* WORK TO BE COMPLETED *
The records below are to be copied word for word, with every picture left out.

* DATA PROVIDED *
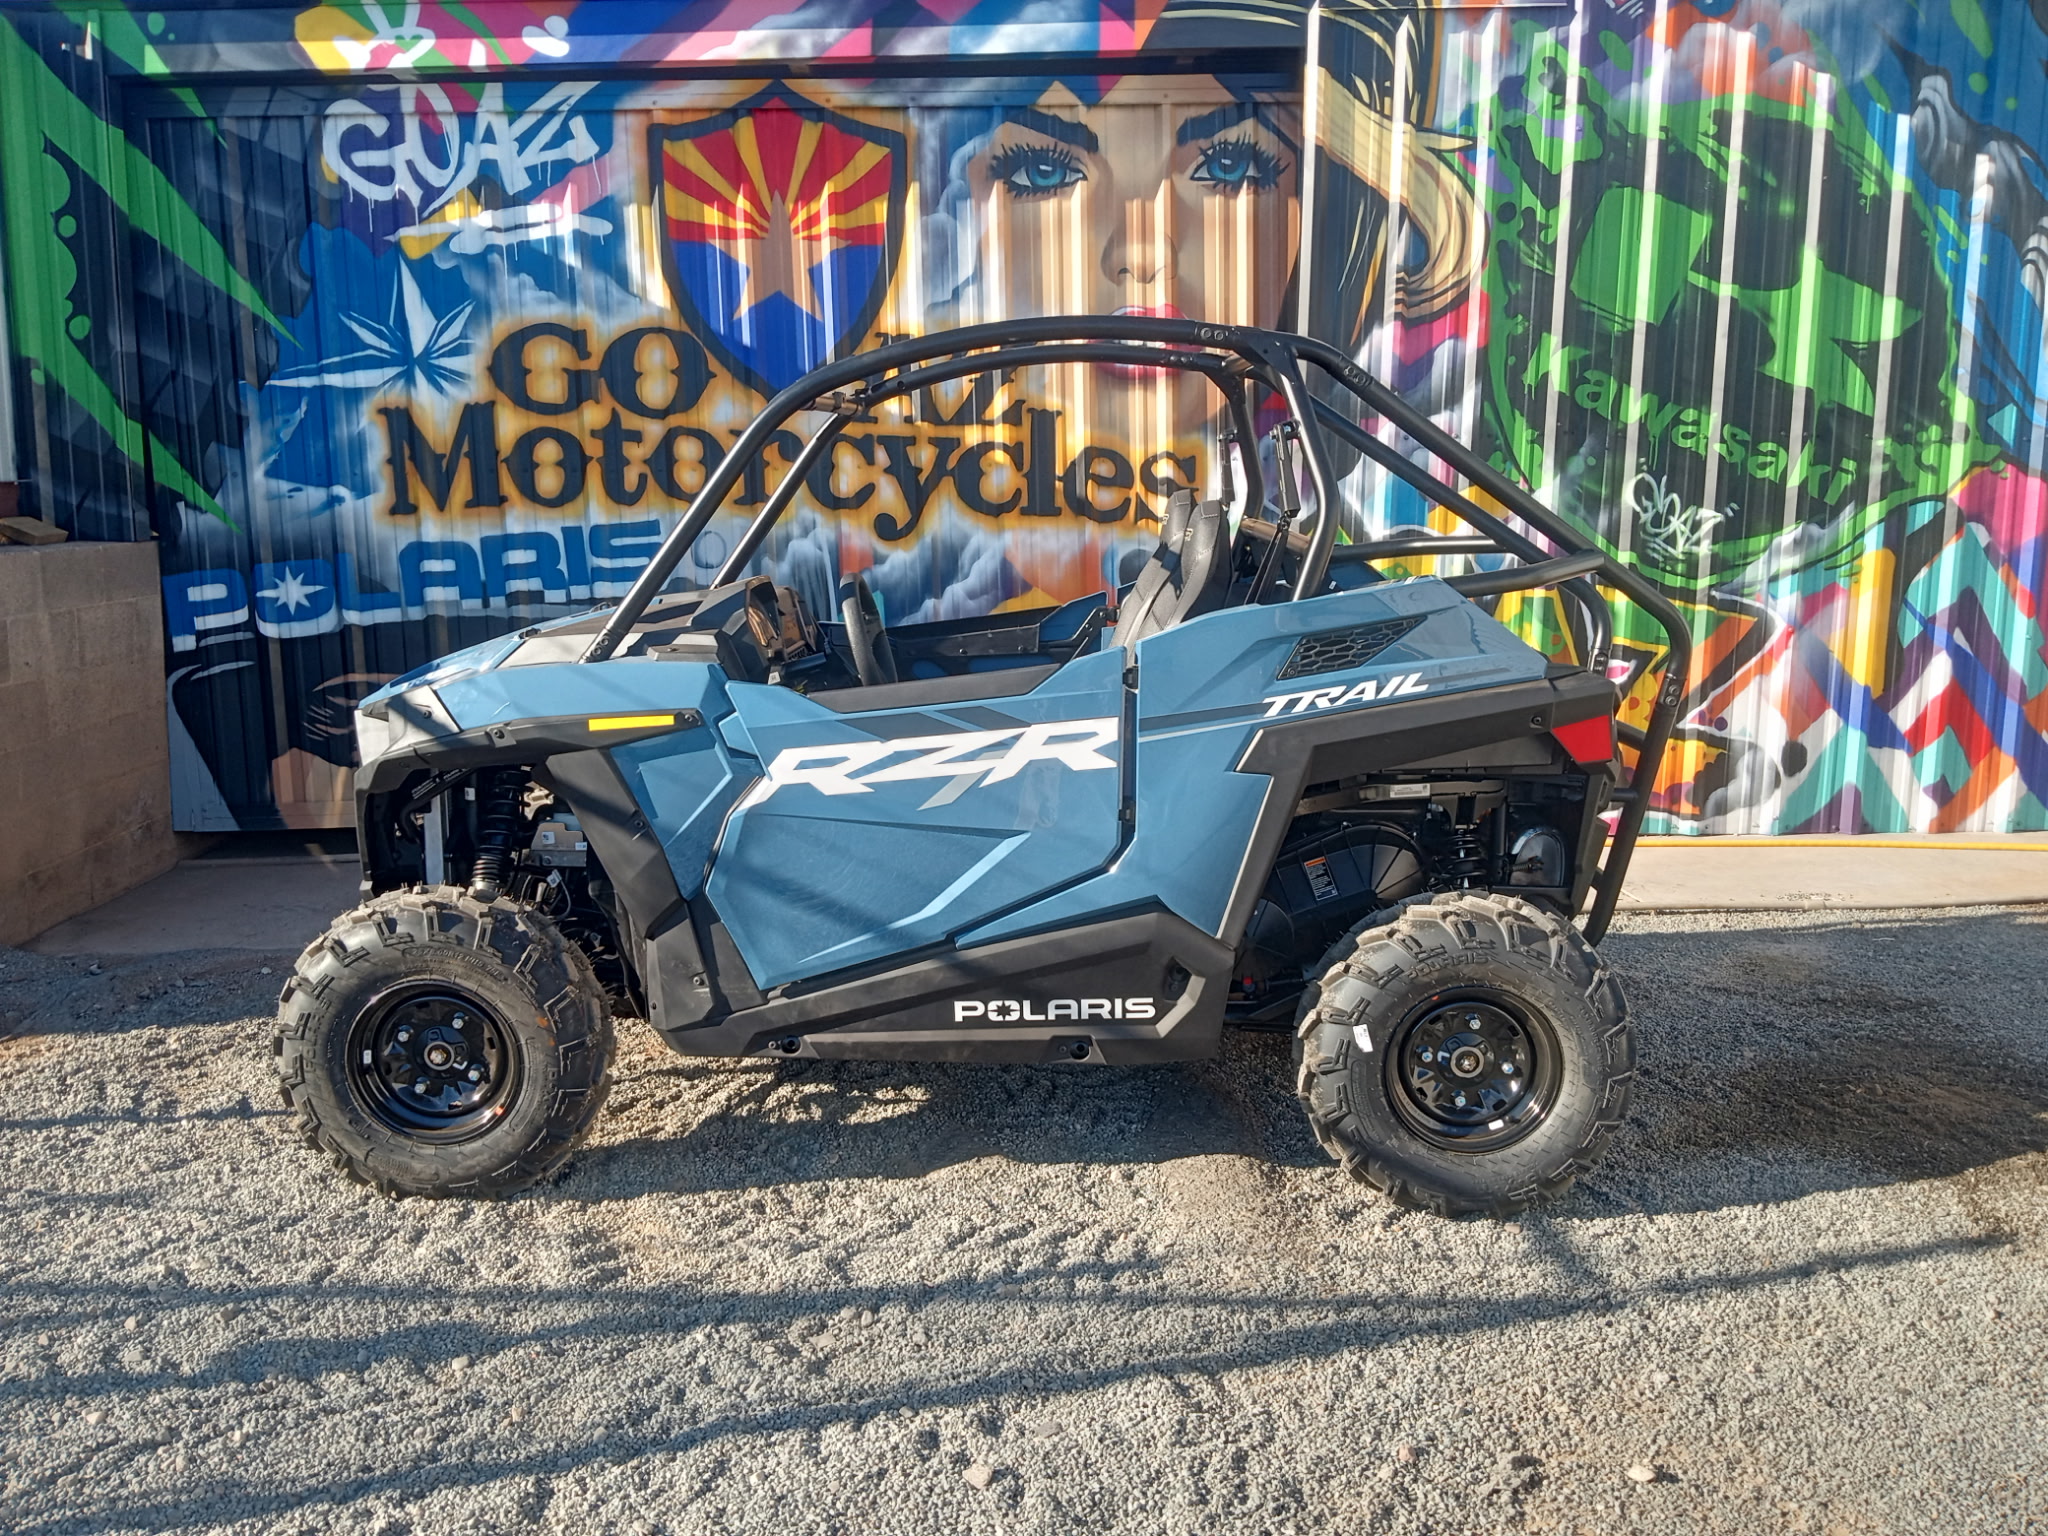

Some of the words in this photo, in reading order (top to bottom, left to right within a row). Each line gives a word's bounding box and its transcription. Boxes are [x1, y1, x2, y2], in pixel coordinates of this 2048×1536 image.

[487, 323, 717, 419] GO
[377, 400, 1199, 541] Motorcycles
[162, 519, 662, 652] POLARIS
[1262, 672, 1429, 718] TRAIL
[757, 716, 1119, 803] RZR
[954, 997, 1156, 1022] POLARIS
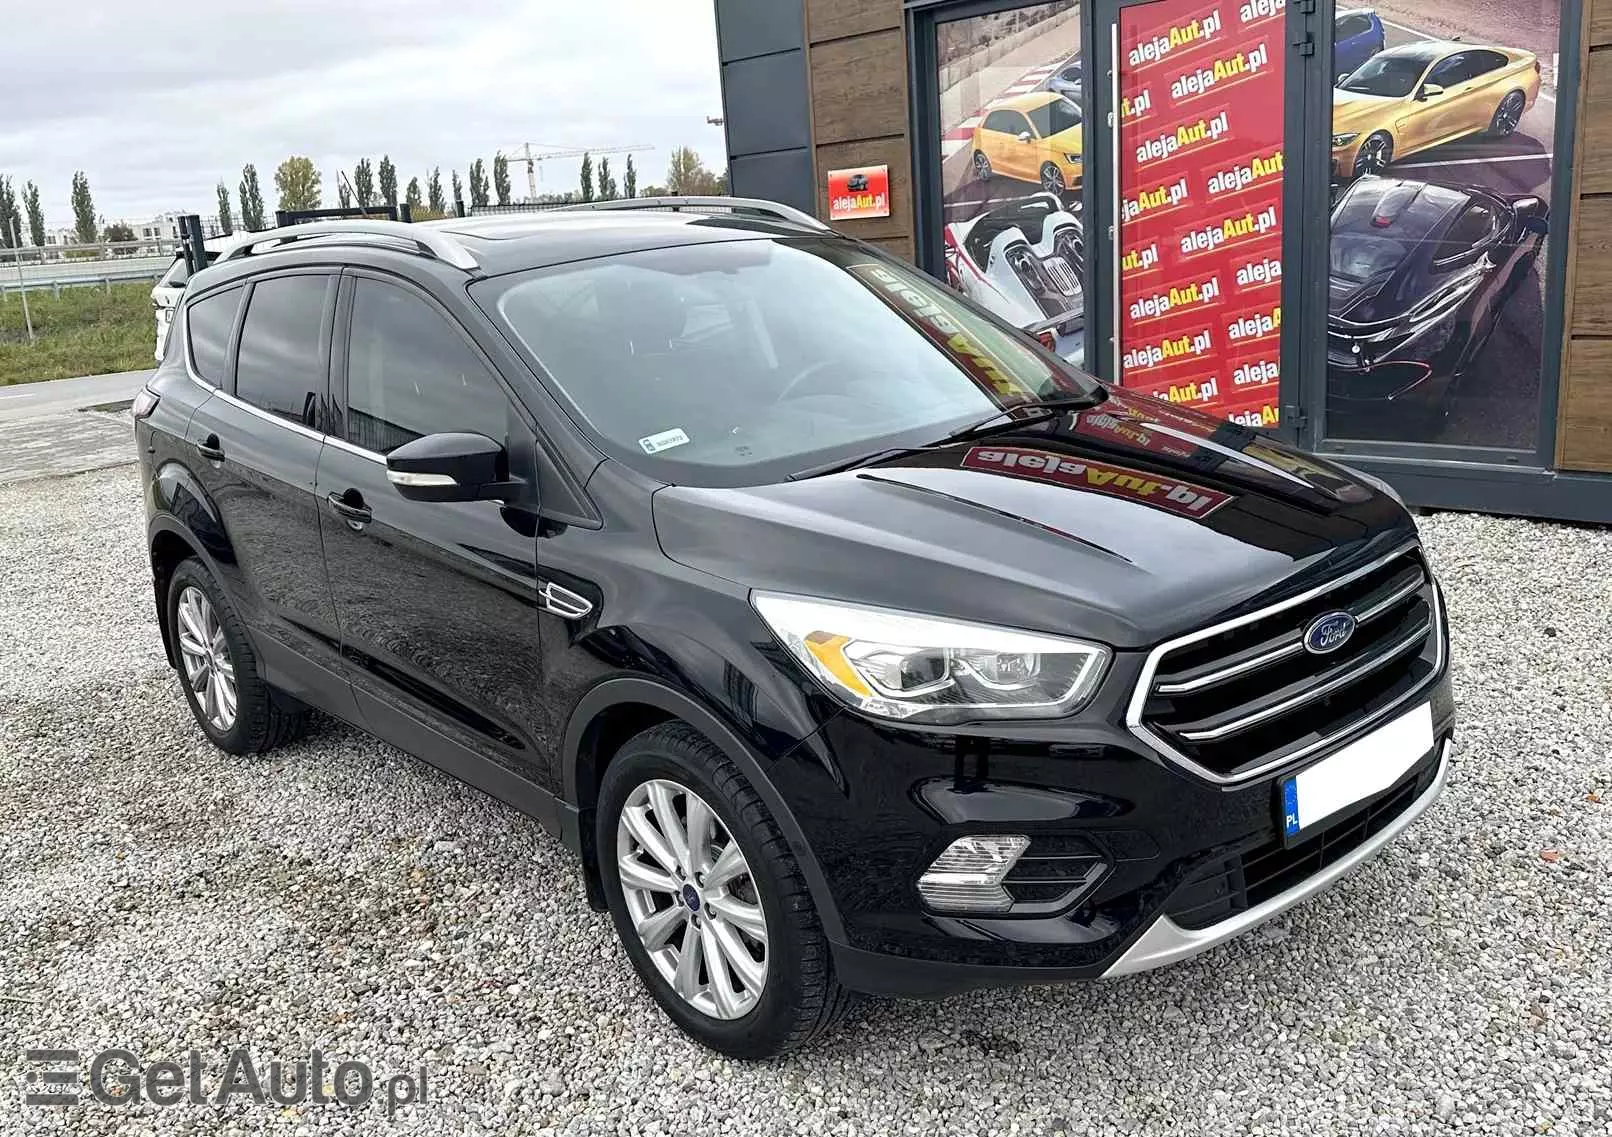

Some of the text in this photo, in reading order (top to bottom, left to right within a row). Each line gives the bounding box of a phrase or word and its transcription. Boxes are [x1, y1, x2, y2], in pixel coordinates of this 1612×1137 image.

[1129, 10, 1221, 66] alejaAut.pl
[1171, 44, 1267, 98] alejaAut.pl
[1136, 112, 1229, 163] alejaAut.pl
[1208, 151, 1284, 194] alejaAut
[833, 193, 885, 211] alejaAut.pl
[1121, 178, 1188, 222] jaAut.pl
[1181, 206, 1276, 253] alejaAut.pl
[1236, 258, 1281, 286] aleja
[1130, 277, 1219, 319] alejaAut.pl
[1123, 330, 1211, 368] alejaAut.pl
[1233, 354, 1280, 385] aleja
[1320, 621, 1349, 646] Ford
[1286, 815, 1298, 828] PL
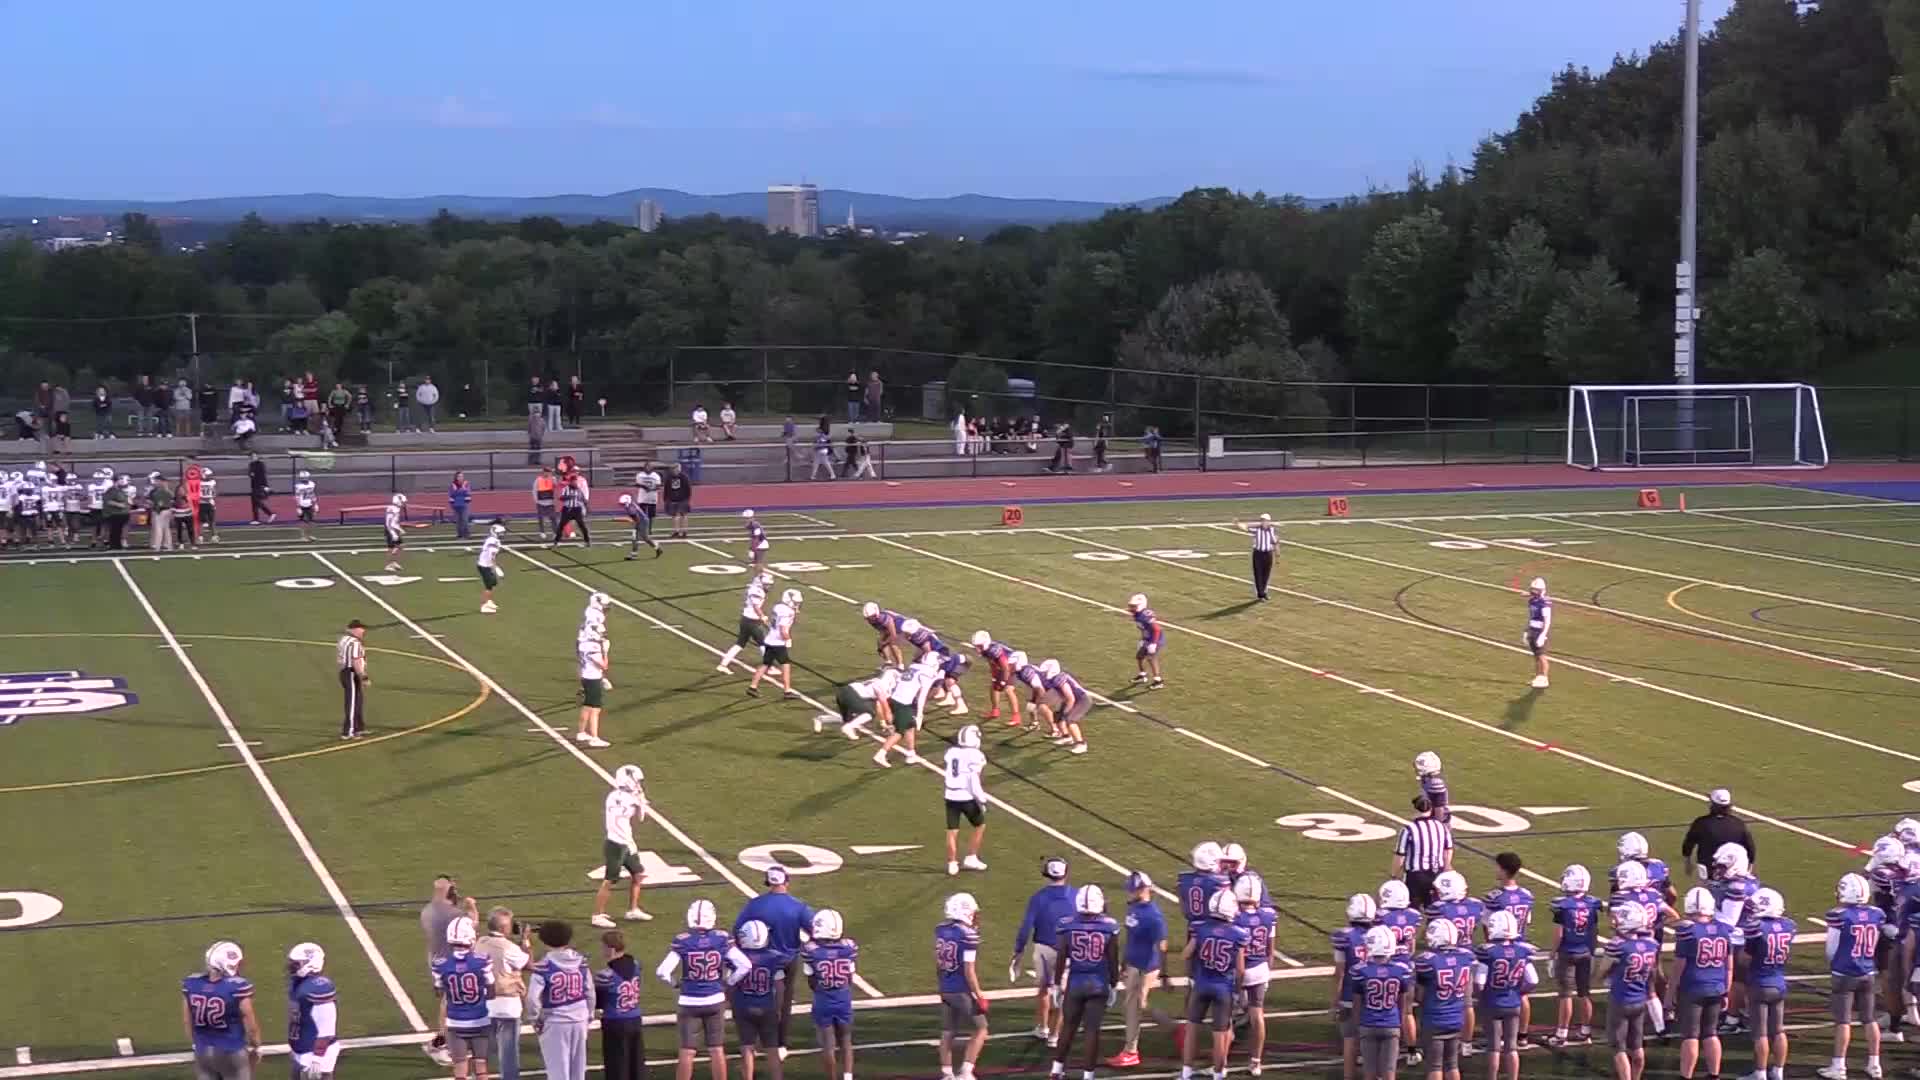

* EXPECTED OUTPUT *
Some of the words in this photo, in reading order (top to bottom, left to right within a row). Each line gives a word's bounding box and its transcription. Boxes are [x1, y1, x2, y2], in pixel coordinates of this 2048×1536 image.

[487, 323, 717, 419] GO
[377, 400, 1199, 541] Motorcycles
[162, 519, 662, 652] POLARIS
[1262, 672, 1429, 718] TRAIL
[757, 716, 1119, 803] RZR
[954, 997, 1156, 1022] POLARIS

Some of the text in this photo, in reading order (top to bottom, left to right within a row). Each line gives the bounding box of a phrase or word and its transcription. Boxes are [x1, y1, x2, y2], in pixel coordinates of this 1612×1137 image.

[1129, 10, 1221, 66] alejaAut.pl
[1171, 44, 1267, 98] alejaAut.pl
[1136, 112, 1229, 163] alejaAut.pl
[1208, 151, 1284, 194] alejaAut
[833, 193, 885, 211] alejaAut.pl
[1121, 178, 1188, 222] jaAut.pl
[1181, 206, 1276, 253] alejaAut.pl
[1236, 258, 1281, 286] aleja
[1130, 277, 1219, 319] alejaAut.pl
[1123, 330, 1211, 368] alejaAut.pl
[1233, 354, 1280, 385] aleja
[1320, 621, 1349, 646] Ford
[1286, 815, 1298, 828] PL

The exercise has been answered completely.